# last orders ?



## denTTony (Jan 6, 2013)

spoke to my local dealer to arrange a test drive on a TT this w/e. He advised that they have some in stock and some on the system due to be built but they cannot place any new factory orders ?

we knew the end was coming but has anyone else heard this from a dealer ?


----------



## 90TJM (Sep 30, 2013)

Could just be to sell built cars as I expect there are fair number to shift.


----------



## simon3868 (Feb 26, 2011)

I've been looking on Carwow for deals, this is now the message I'm getting on a 45 Tfsi black edition Quattro.

Please note
This Audi TT has recently been discontinued, so these are offers on brand new cars in-stock.

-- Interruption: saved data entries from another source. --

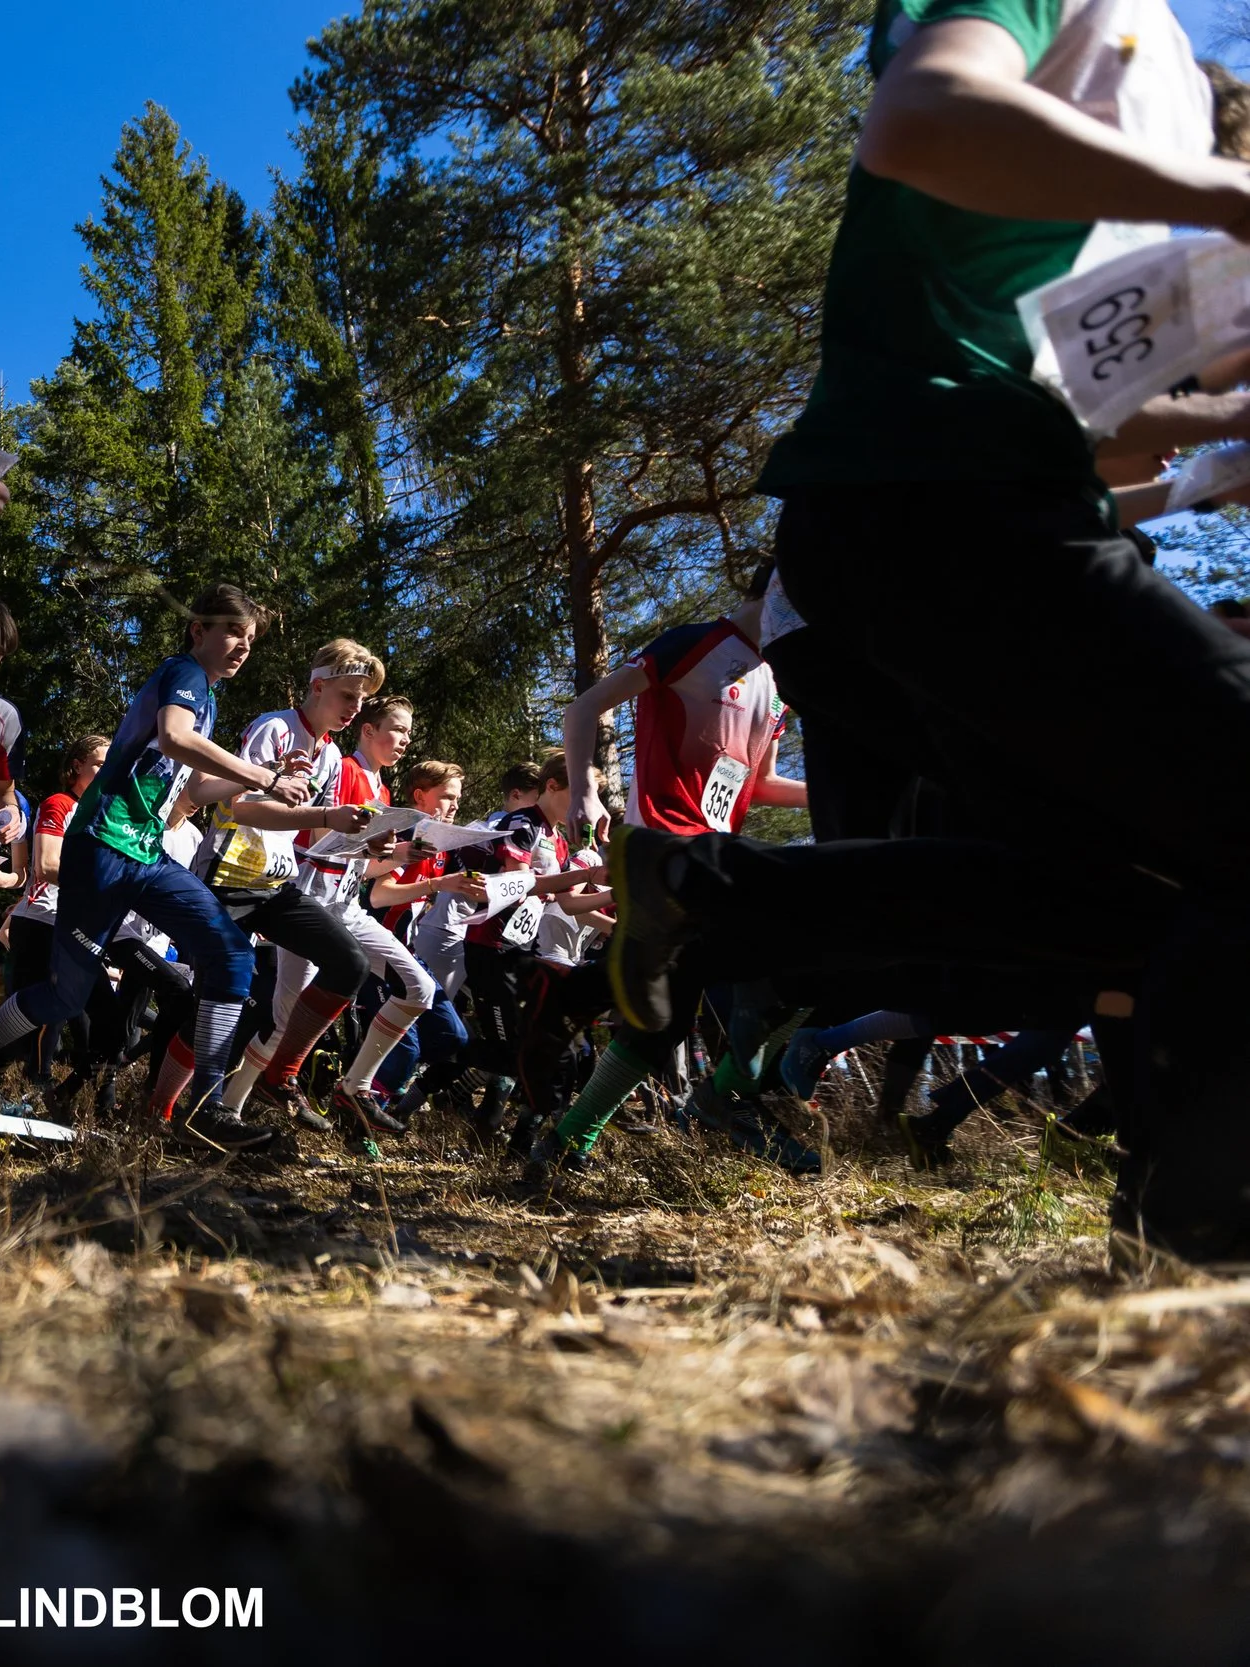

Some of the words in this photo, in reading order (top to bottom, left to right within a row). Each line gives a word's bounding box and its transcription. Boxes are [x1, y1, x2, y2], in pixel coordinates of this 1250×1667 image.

[1079, 286, 1154, 381] 359
[716, 765, 736, 780] NOREX
[706, 780, 734, 822] 356
[121, 823, 140, 839] OK
[266, 851, 293, 880] 367
[500, 880, 525, 897] 365
[513, 908, 536, 940] 364
[134, 950, 157, 971] TRIMTEX
[493, 1005, 507, 1041] TRIMTEX
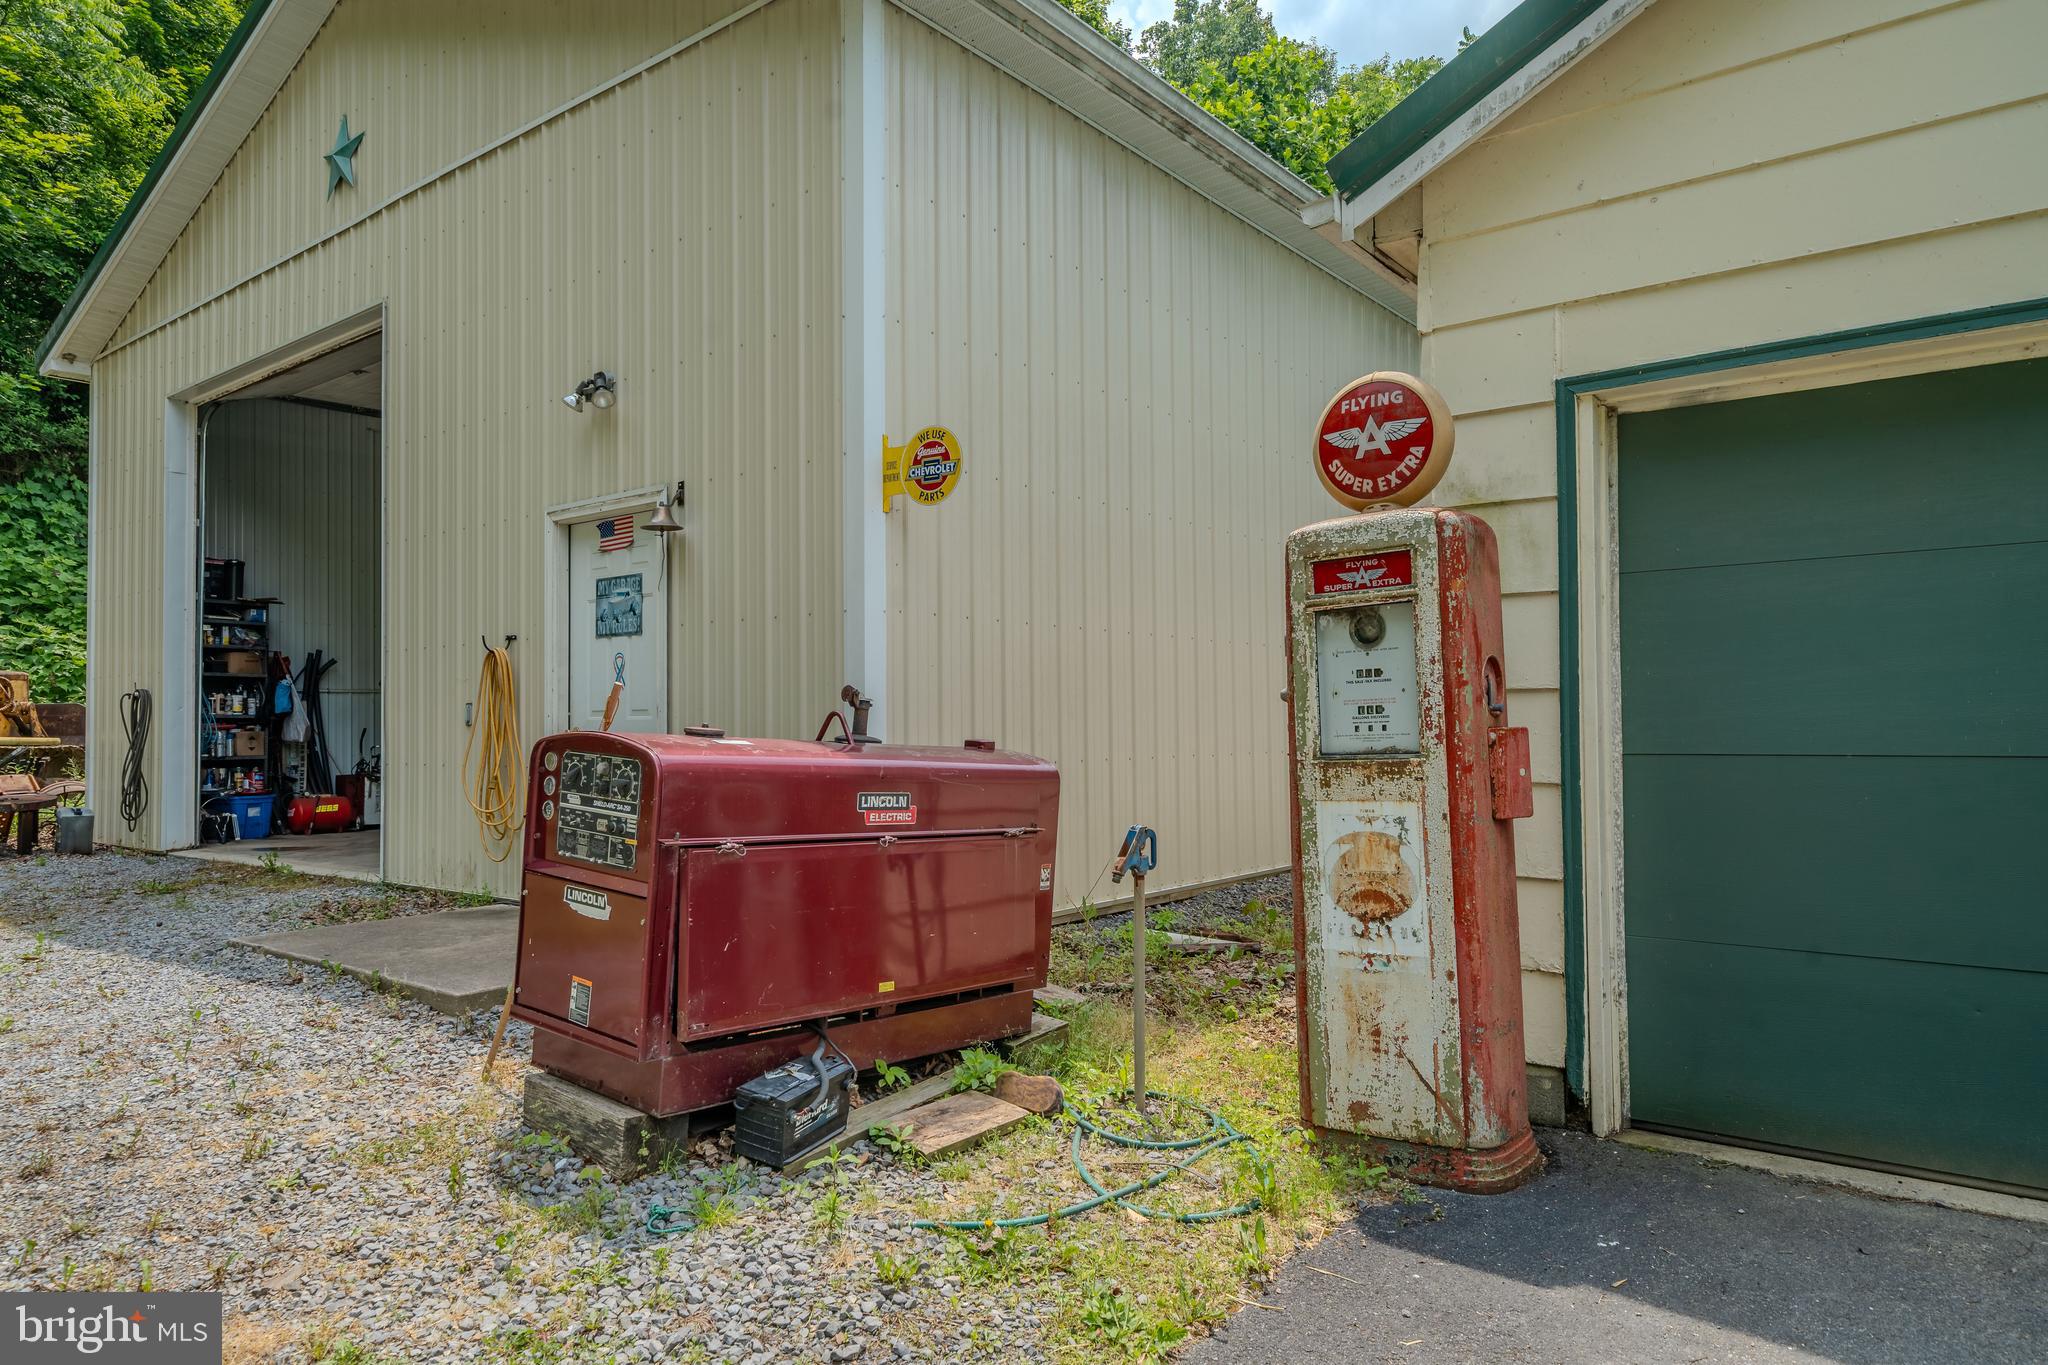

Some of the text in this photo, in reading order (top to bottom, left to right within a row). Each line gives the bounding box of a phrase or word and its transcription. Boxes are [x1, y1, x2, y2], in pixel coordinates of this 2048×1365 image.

Although not built to order, this means your car could be available in weeks - not months!


----------



## Rich146 (May 17, 2020)

I've been in touch with my dealer and he has no knowledge of any discontinuation yet and showed me the new 2021 pricing for all TT models available to order


----------



## Power777 (May 30, 2020)

Not sure if that's due to limiting production at factory due to crisis or discontinued TT


----------



## Rich146 (May 17, 2020)

Power777 said:


> Not sure if that's due to limiting production at factory due to crisis or discontinued TT


Just looked at that page and compared sport with s line. Dimensions are identical. I thought the S Line was lowered by 10mm and the sport stayed as standard ?
Looks like it's only Vorsprung / TTS and upwards !?


----------



## Ace McCloud (Jun 28, 2020)

Ive just put an order in for a brand new Black Edition...they haven't even started making it yet.


----------



## tristan2 (Sep 28, 2010)

My dealer says he's taking no more orders for the convertible


----------



## Mark Pred (Feb 1, 2017)

Rich146 said:


> I've been in touch with my dealer and he has no knowledge of any discontinuation yet and showed me the new 2021 pricing for all TT models available to order


Ditto, I spoke to Huntingdon Audi on Saturday, still taking orders


----------



## j77drs (Aug 8, 2019)

Farnborough still taking orders, nothing from the factory to indicate these are stopping they say


----------



## wlondoner (Feb 10, 2013)

They wouldn't pull it completely until they have something similar (electric), would they?


----------



## 90TJM (Sep 30, 2013)

Got a quote today from Broker for a new factory order.


----------